Antonio Ricciardi1, Elena Grosso2, Madiha Shatila1, Michael S. Zandi3, Marios C. Yiannakas1, Ferran Prados1,4,5, Baris Kanber1,4, Jed Wingrove1, Francesco Grussu1,6, Marco Battiston1, Rebecca S. Samson1, Carmen Tur7, Rachel L. Batterham8,9, Janine Makaronidis8,9, Nicolò Rolandi1,2,10, Fulvia Palesi2,11, Egidio D'Angelo2,11, Olga Ciccarelli1,9, and Claudia A. M. Gandini Wheeler-Kingshott1,2,11
1NMR Research Unit, Queen Square MS Centre, Department of Neuroinflammation, UCL Queen Square Institute of Neurology, Faculty of Brain Sciences, University College London, London, United Kingdom, 2Department of Brain & Behavioural Sciences, University of Pavia, Pavia, Italy, 3Department of Brain Repair and Rehabilitation, UCL Queen Square Institute of Neurology, Faculty of Brain Sciences, University College London, London, United Kingdom, 4Department of Medical Physics and Biomedical Engineering, Centre for Medical Image Computing (CMIC), University College London, London, United Kingdom, 5E-Health Center, Universitat Oberta de Catalunya, Barcelona, Spain, 6Radiomics Group, Vall d’Hebron Institute of Oncology, Vall d’Hebron Barcelona Hospital Campus, Barcelona, Spain, 7Neurology-Neuroimmunology Department Multiple Sclerosis Centre of Catalonia (Cemcat), Vall d’Hebron Barcelona Hospital Campus, Barcelona, Spain, 8Centre for Obesity Research, Department of Medicine, University College London, London, United Kingdom, 9National Institute of Health Research, Biomedical Research Centre at UCLH and UCL, University College London, London, United Kingdom, 10Department of Clinical and Experimental Epilepsy, UCL Queen Square Institute of Neurology, Faculty of Brain Sciences, University College London, London, United Kingdom, 11Digital Neuroscience Center, IRCCS Mondino Foundation, Pavia, Italy

Synopsis

Keywords: Analysis/Processing, COVID-19, Long-COVID, Multimodal, MRI, myelin.

Motivation: Some people exposed to SARS-CoV-2 experience persistent symptoms months after recovering from acute infection. These symptoms, grouped under the umbrella of “long-COVID”, include neurological and autonomic dysfunctions for which there is not yet a clear explanation.

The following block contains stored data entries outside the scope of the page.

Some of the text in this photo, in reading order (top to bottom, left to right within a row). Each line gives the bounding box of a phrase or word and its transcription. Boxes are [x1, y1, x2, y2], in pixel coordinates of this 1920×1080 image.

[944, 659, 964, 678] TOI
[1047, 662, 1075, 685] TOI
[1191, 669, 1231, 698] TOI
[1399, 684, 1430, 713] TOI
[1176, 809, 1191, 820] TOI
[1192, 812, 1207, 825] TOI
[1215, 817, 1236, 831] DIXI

Goal(s): To identify biophysically meaningful features characterising long-COVID pathophysiology in the brain.


Approach: A novel multimodal MRI protocol was developed to measure iron accumulation, myelin content, inflammation, microstructure alterations, atrophy, and cerebral blood flow changes. Machine learning was employed to discriminate long-COVID from controls and people who fully recovered.


Results: Alterations in bound-pool fraction (myelin content) emerge in long-COVID.


Impact: This study encourages investigating the neurological aspect of long-COVID and its interplay with conditions affecting myelin as it shows that long-COVID may cause myelin alterations or be more likely to occur in people with compromised myelin content in the brain.